API-enriched Real-time Controls for Slack Enterprise
Note
This is a Controlled General Availability feature. If you want to enable this feature, contact your sales team.
API-enriched real-time controls for Slack provides users the ability to apply granular real-time policies to prevent sensitive data exfiltration in externally-shared/Slack Connect channels.
With this feature, you can now add “channel type” and “channel name” constraints to POST activities in real-time policies for Slack. This provides users the granularity to allow data to be shared in other internal Slack channels while restricting the same in externally-shared or Slack Connect channels.
Prerequisites
To enable this feature, the customer MUST have configured:
Netskope CASB API protection for their Slack Enterprise Instance
Slack traffic steering to the Netskope Cloud
Activities Supported
POST
Newly Added Constraints
Channel Type
Channel Name
How to use API-enriched controls in Slack Real-time protection policies
This feature is currently in controlled-GA and could be enabled by reaching out to customer success teams or Netskope support.

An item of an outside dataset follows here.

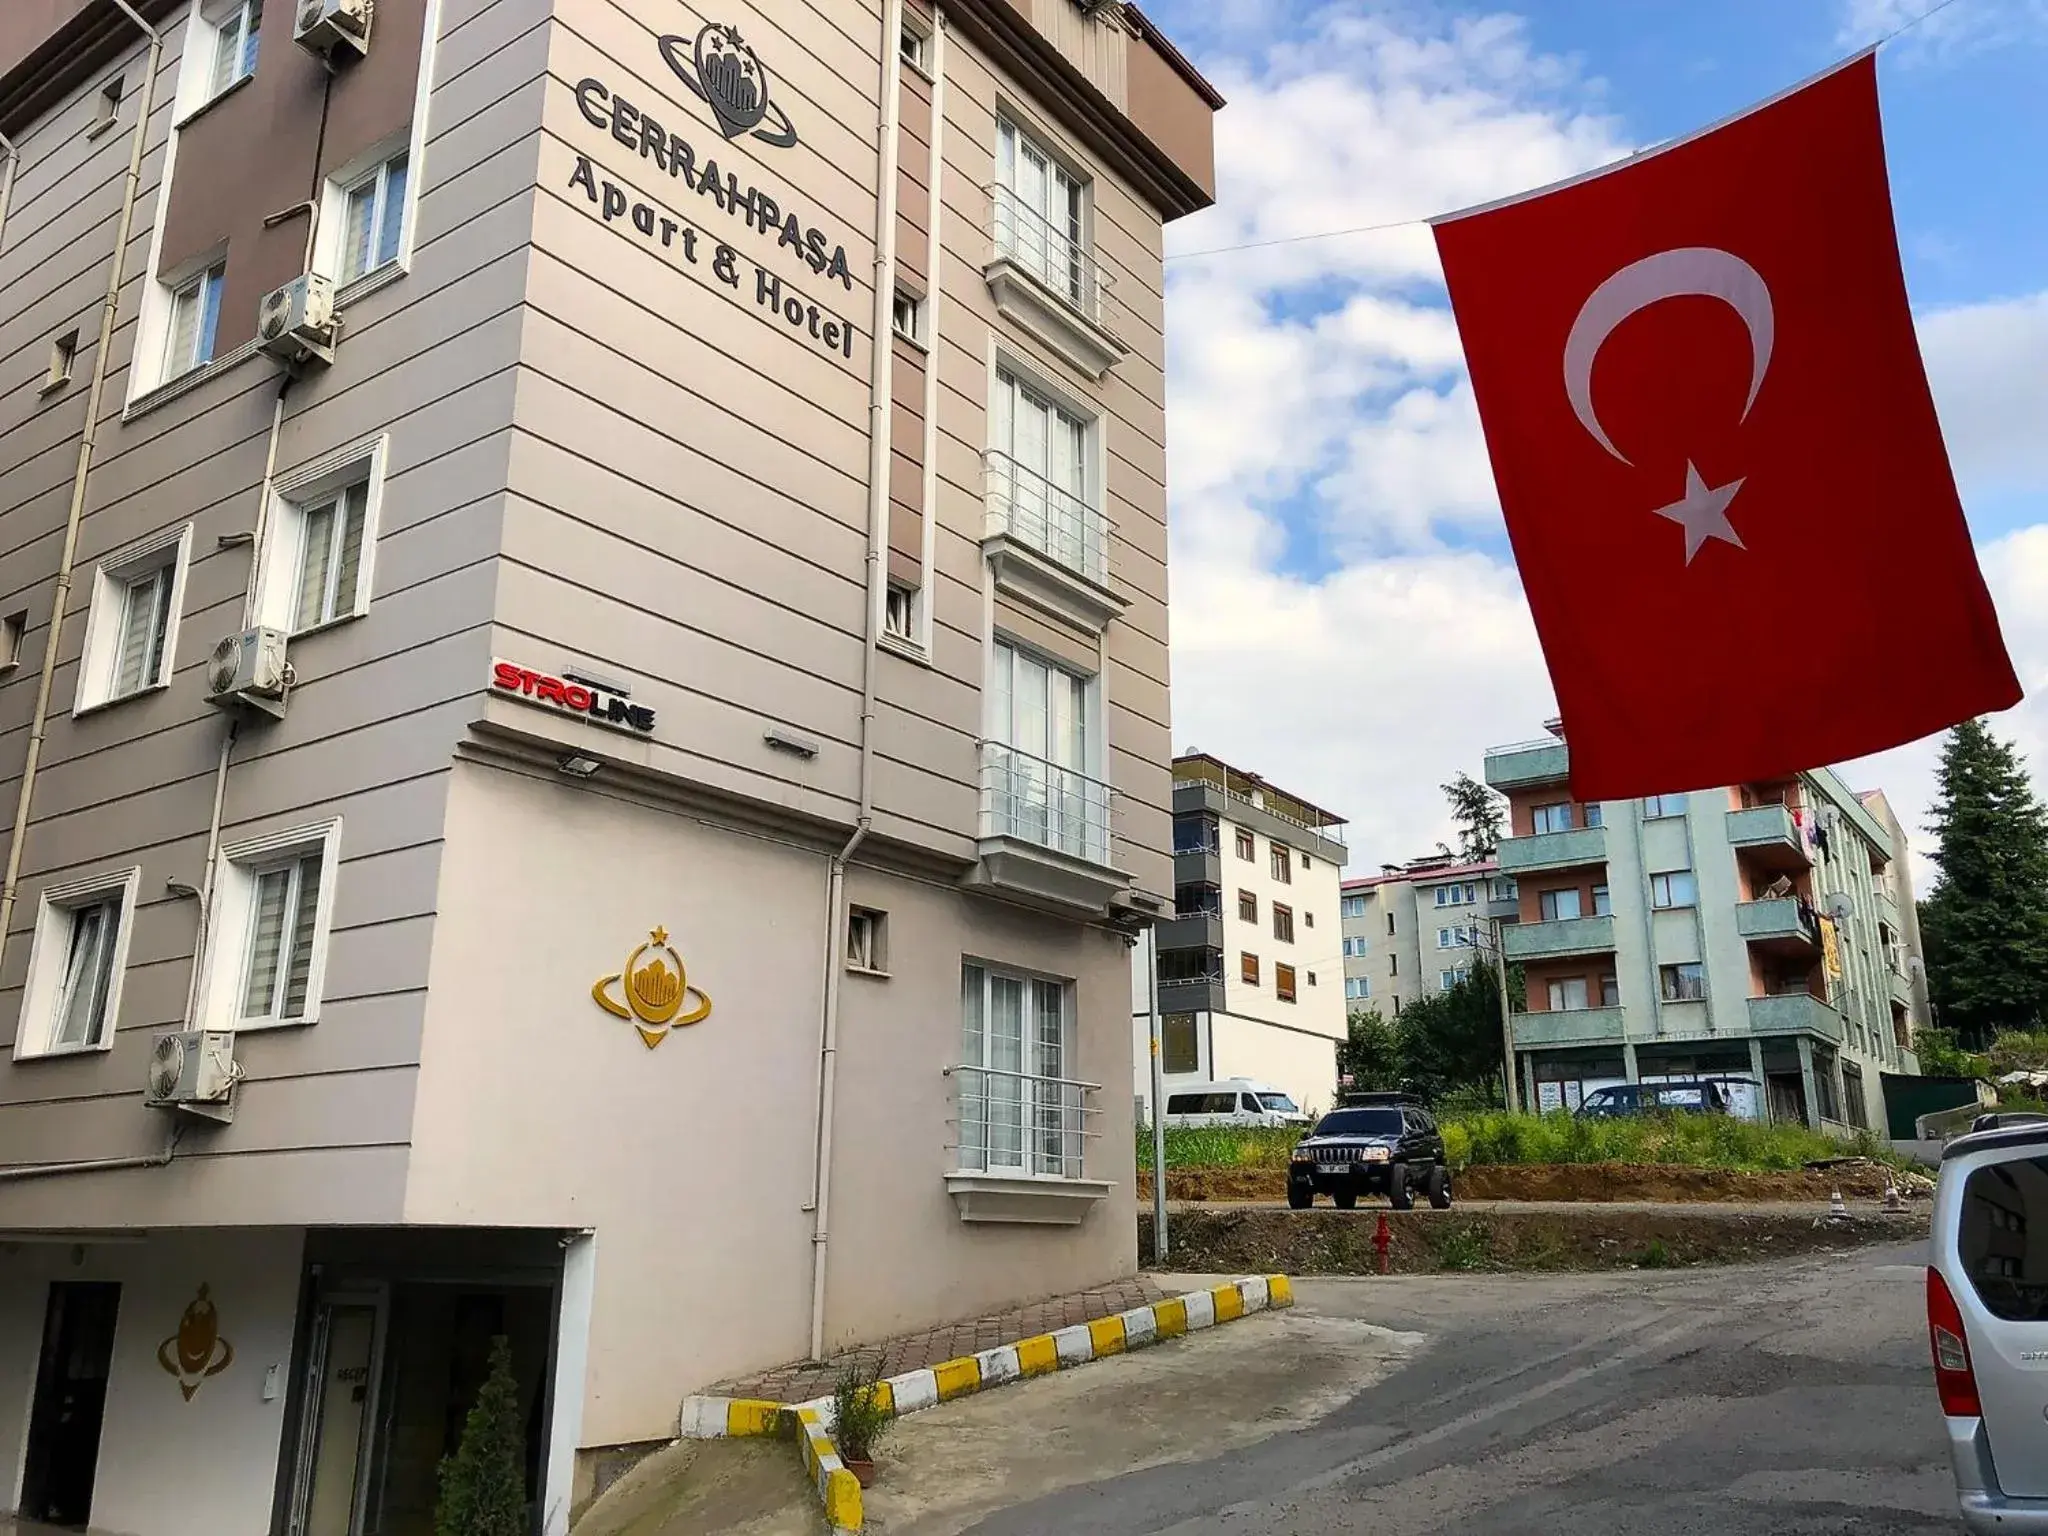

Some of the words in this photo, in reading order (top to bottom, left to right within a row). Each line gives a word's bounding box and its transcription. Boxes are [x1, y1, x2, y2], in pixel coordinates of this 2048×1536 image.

Once enabled, the "Channel Type" and "Channel name" constraints will be available under the "POST" activity for Slack in real-time policies.
The “channel-type” currently supported is ‘Externally-shared’ and the “channel names” list all the externally-shared channels in that Slack Enterprise tenant across all workspaces.
Administrators can configure Channel type and name based policies as shown in the image below.
Note
The prevention of file “uploads” to Slack Connect channels can be controlled via a native app configuration in Slack. To learn more: Manage file uploads for Slack Connect.